Enki, ou Ea, était un dieu omnipotent qui veillait sur tous les hommes en tant que créateur de l’univers. Par son prestige, des personnes de toutes conditions venaient à lui pour solliciter ses faveurs et lui adresser leurs prières. Fils d’Anu et de Ki, Enki est le Seigneur de la Terre et détient également l’autorité sur les mers, à l’instar de Poséidon dans la mythologie grecque.
Son épouse était Damgalnunna, qui lui donna plusieurs enfants, parmi lesquels Marduk, Asarluhi, Enbilulu, Nanse et Adapa. Son nom, Enki, se décompose en deux parties : En signifie « seigneur » et Ki désigne la terre. Autrement dit, son nom signifie « le Seigneur de la Terre. » Son autre nom, Ea, se traduit vraisemblablement par vie et source, si bien qu’Ea désigne la Source de Vie ou la Maison de l’Eau.
La multitude des attributions d’Enki
Enki revêtait plusieurs manifestations : dieu vénéré de la création, des incantations, des arts, de l’artisanat, de la purification et des eaux lustrales. Il possédait de nombreux dons pour assister les hommes, mais le plus important de ses pouvoirs était celui de donner la vie.
Par ailleurs, son pendant akkadien, Ea, est le dieu de la purification rituelle. Ainsi, l’eau qu’il utilise pour les ablutions est appelée « l’Eau d’Ea. » Fait intéressant, Ea est également le dieu de la magie, de la sorcellerie, de l’artisanat et des artistes.
Réputé pour sa sagesse, Ea était reconnu pour ses conseils avisés aux rois. Il n’est pas surprenant de le voir agir comme un médiateur entre les hommes et les dieux.
À Babylone, il est le père de Marduk, celui qui remplaça Enlil lorsque ce dernier fut relégué aux enfers. Marduk et Enki étaient étroitement liés au panthéon d’Eridu, où tous deux rassemblèrent de nombreux fidèles.
En tant que sorcier, le dieu sumérien Enki était le favori de ceux qui pratiquaient la magie et l’exorcisme pour entrer en contact avec le divin et repousser le mal, car il incarnait le sommet de l’art de la sorcellerie.
Il aimait faire étalage de ses talents en matière d’incantations et de conjuration des esprits, émerveillant les hommes et les incitant ainsi à lui adresser leurs prières.
L’apparence d’Enki
Enki fut à l’origine désigné comme le dieu patron d’Eridu. En raison de la faveur que lui portaient les fidèles, il fut également vénéré par les Mésopotamiens, y compris les Cananéens, les Hittites et les Hourrites. Alors que d’autres dieux possédaient des cultes plus localisés, le pouvoir d’Enki était honoré partout.

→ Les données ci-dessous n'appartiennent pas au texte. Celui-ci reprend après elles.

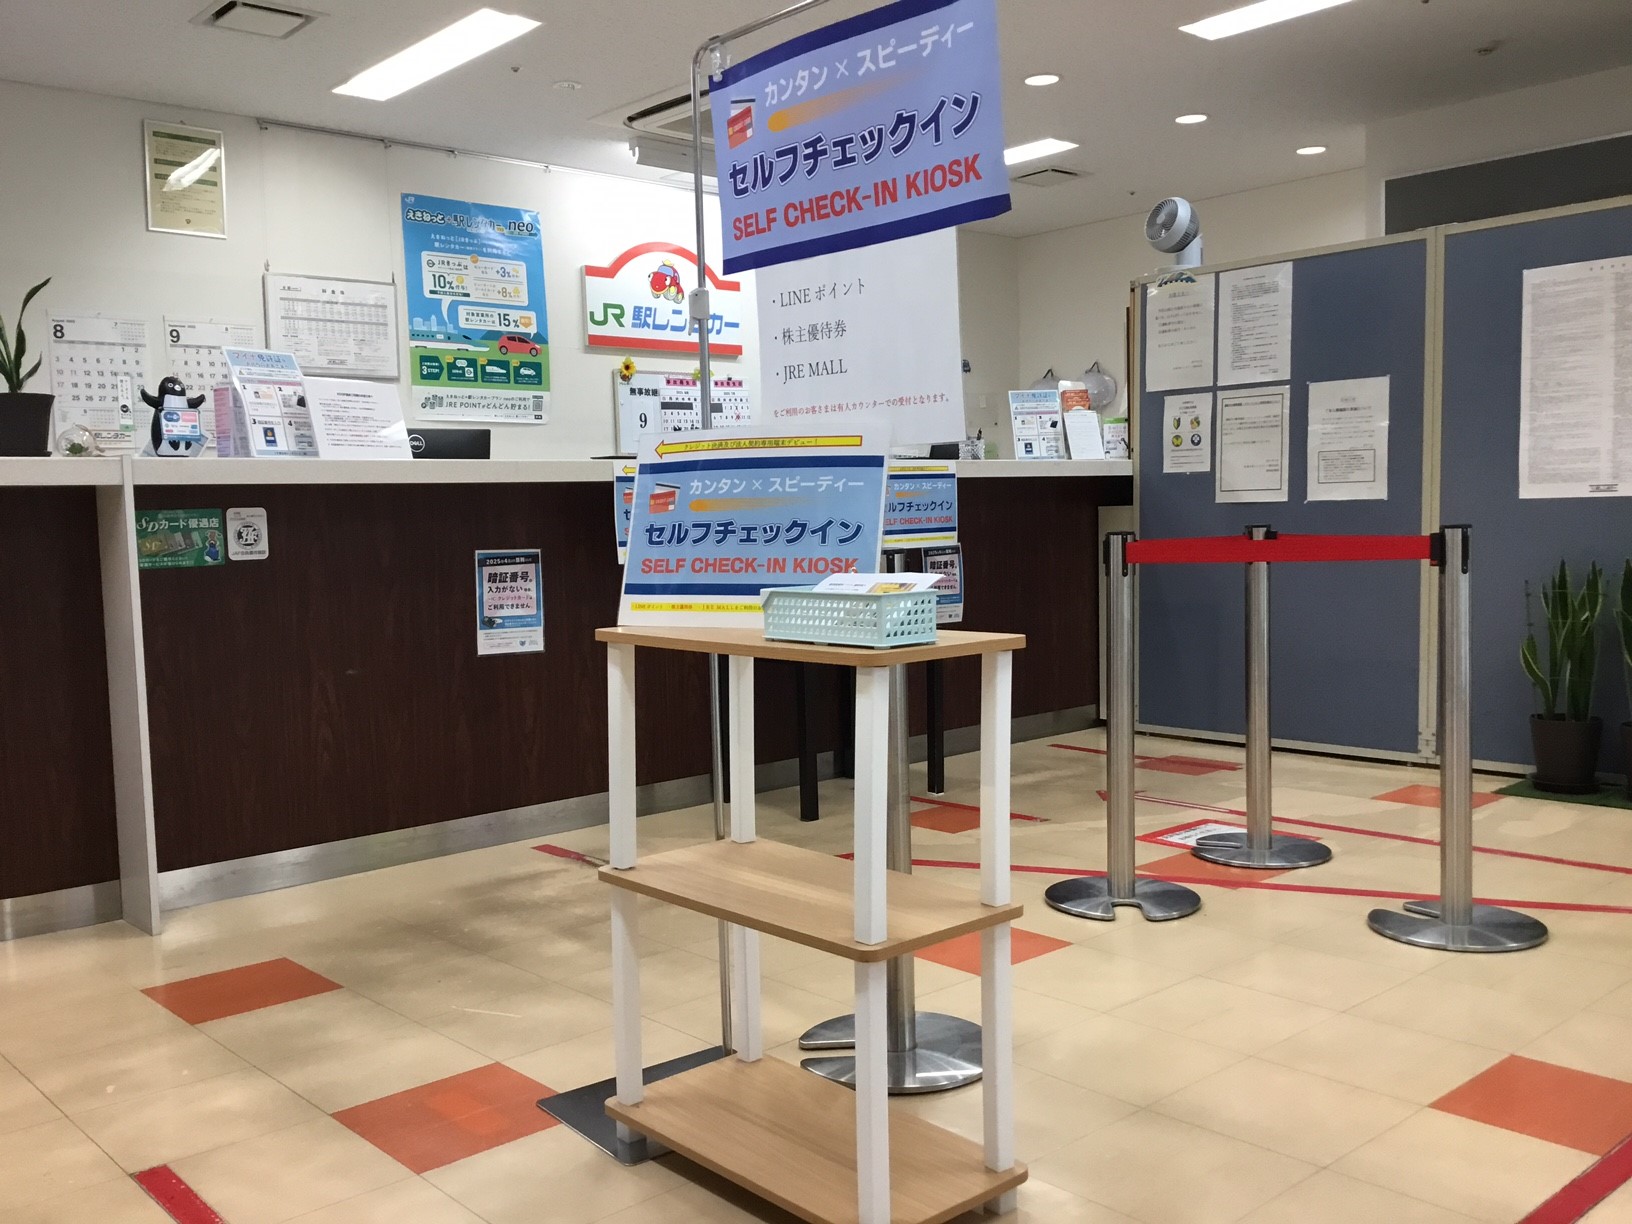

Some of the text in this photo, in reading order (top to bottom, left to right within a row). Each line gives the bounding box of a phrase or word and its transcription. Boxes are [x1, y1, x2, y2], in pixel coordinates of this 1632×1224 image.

[765, 66, 827, 106] カンタン
[856, 21, 974, 77] スピーディー
[729, 92, 980, 198] セルフチェックイン
[732, 153, 982, 240] SELF CHECK-IN KIOSK
[406, 208, 445, 224] えきねっと
[508, 220, 533, 232] neo
[432, 274, 454, 289] 10%
[815, 278, 865, 301] ポイント
[498, 313, 519, 328] 15%
[589, 302, 625, 328] JR
[53, 324, 64, 338] 8
[170, 329, 180, 343] 9
[809, 358, 848, 377] MALL
[639, 412, 647, 428] 9
[690, 479, 746, 495] カンタン
[768, 475, 864, 493] スピーディー
[922, 482, 952, 490] スピーディー
[887, 500, 952, 512] ルフチェックイン
[900, 517, 932, 525] CHECK-IN
[934, 516, 952, 524] KIOSK
[645, 519, 864, 547] セルフチェックイン
[640, 557, 858, 574] SELF CHECK-IN KIOSK

On pourrait s’interroger sur son apparence. Enki, ou Ea, est dépeint dans l’ensemble de la mythologie mésopotamienne comme un dieu portant une longue barbe, coiffé d’une tiare à cornes et vêtu de longues robes.
Les artistes de l’époque le représentaient souvent sur des sceaux-cylindres avec des cours d’eau poissonneux, symbolisant les eaux de l’Abzu. Un symbole étroitement lié à Enki est sa résidence sous-marine dans l’Abzu, ou son trône, où il siège sur un trône céleste incomparable à tout palais terrestre.

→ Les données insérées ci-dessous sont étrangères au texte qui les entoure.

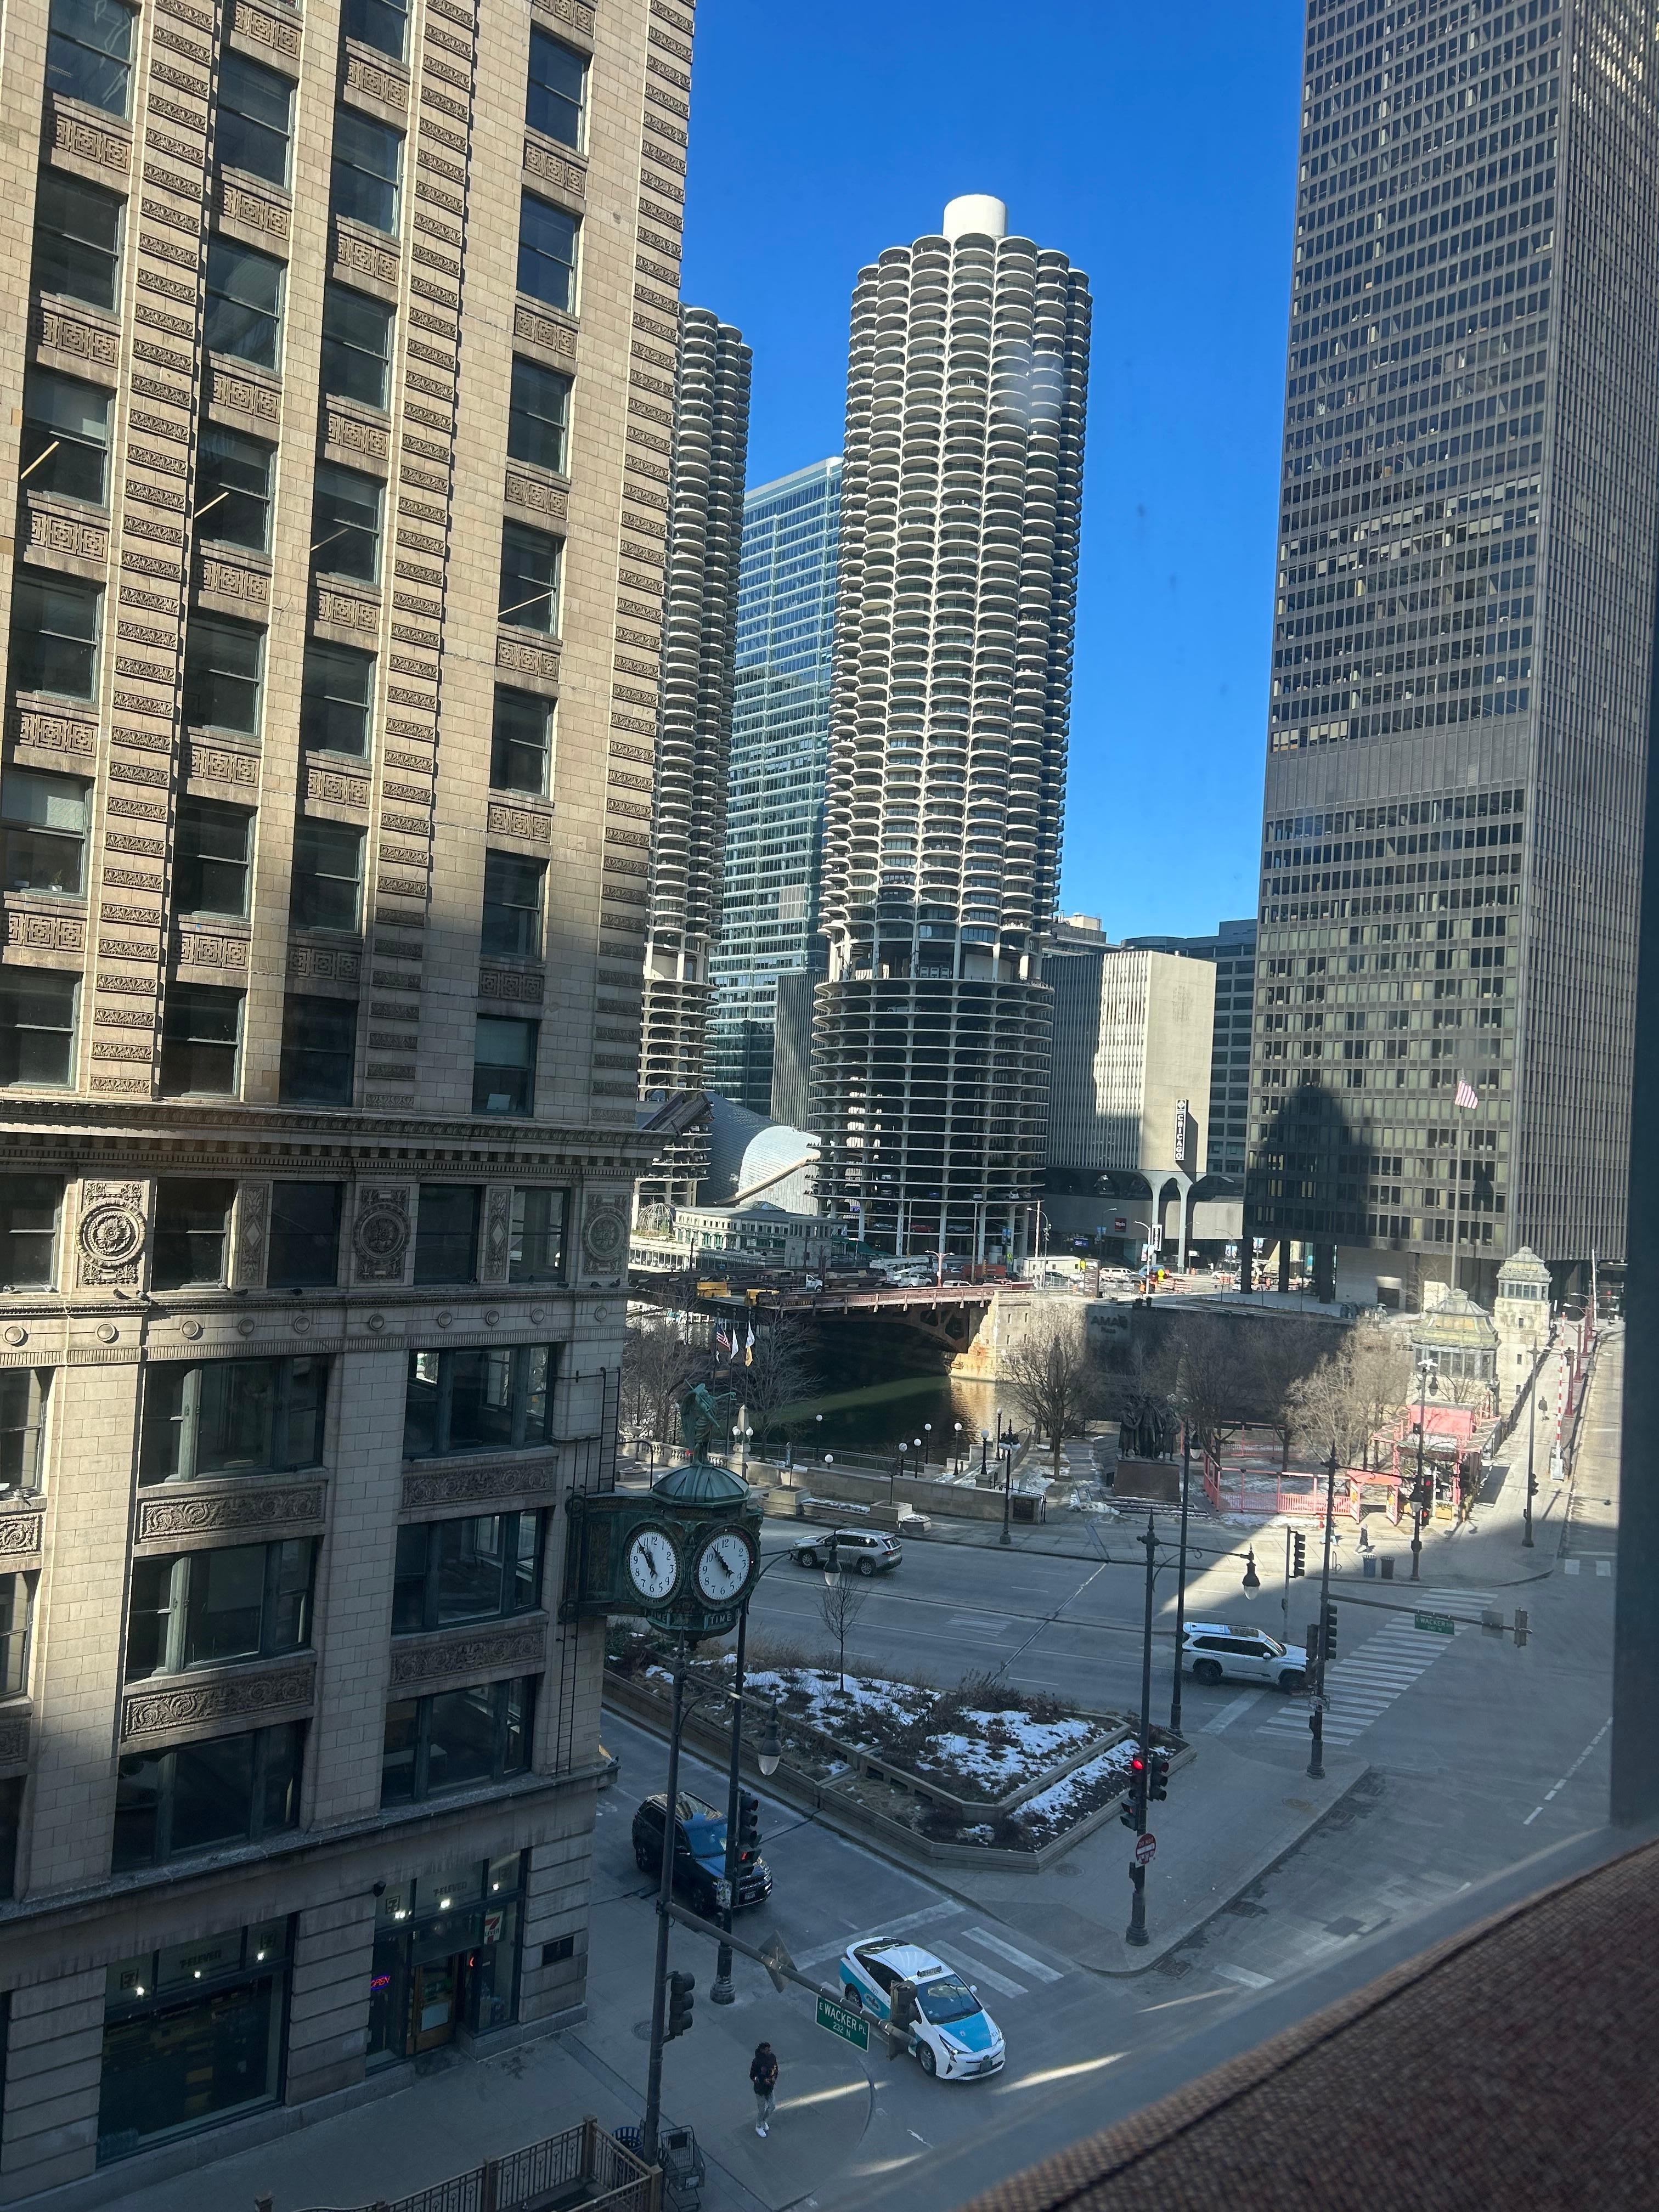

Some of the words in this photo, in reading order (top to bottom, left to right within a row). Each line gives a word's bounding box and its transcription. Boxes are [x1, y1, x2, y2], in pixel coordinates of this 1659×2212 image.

[1176, 1114, 1184, 1159] CHICAGO
[644, 1537, 648, 1547] 11
[651, 1536, 658, 1545] 12
[721, 1538, 729, 1548] 12
[733, 1541, 736, 1549] 1
[662, 1541, 664, 1550] 1
[667, 1551, 672, 1560] 2
[738, 1548, 743, 1557] 2
[633, 1556, 639, 1564] 9
[706, 1553, 713, 1563] 10
[742, 1559, 746, 1569] 3
[635, 1568, 640, 1576] 8
[669, 1565, 674, 1573] 3
[702, 1565, 708, 1575] 9
[665, 1577, 670, 1585] 4
[704, 1577, 710, 1585] 8
[736, 1572, 742, 1581] 4
[641, 1579, 646, 1587] 7
[658, 1582, 663, 1592] 5
[730, 1581, 735, 1591] 5
[650, 1584, 654, 1593] 6
[711, 1585, 716, 1594] 7
[720, 1586, 725, 1595] 6
[710, 1613, 732, 1624] TIME
[1420, 1618, 1445, 1627] WACKER
[819, 2002, 823, 2011] E
[825, 2004, 856, 2031] WACKER
[859, 2024, 866, 2035] PL
[833, 2022, 844, 2033] 232
[847, 2030, 850, 2038] N

Par ailleurs, le dieu Ea est toujours accompagné d’Isimu, son ministre divin à double visage, qui le sert en tant que ministre et messager dans toutes ses entreprises. En outre, le dieu Isimu symbolise la présence d’autres créatures qui œuvraient aux côtés d’Ea dans l’Abzu.
Sept créatures sages légendaires — chargées de transmettre la sagesse et le savoir aux hommes — vivaient avec Ea.
Associé à de multiples cultes et pouvoirs, Enki possédait une iconographie variée. On trouve des représentations le montrant comme un être mi-homme, mi-poisson. Dans certains cas, il était représenté avec un sceptre recourbé orné d’une tête de bélier, d’un poisson-bouc et d’une tortue.
Cette tortue fit partie de son iconographie lorsqu’il préleva de l’argile dans l’Abzu pour récupérer la tablette des destinées perdues, également connue comme la tablette qui contrôle l’avenir de l’humanité. Découvrez en davantage sur cette histoire dans la section suivante.
La légende de l’Abzu
Selon le récit, Abzu, un démon aux traits d’oiseau, s’empara de la tablette sacrée. Ninurta, dieu du printemps, du tonnerre et des tempêtes, la récupéra. Tous croyaient à une victoire pour la paix céleste, mais Ninurta refusa de rendre la tablette à Enki.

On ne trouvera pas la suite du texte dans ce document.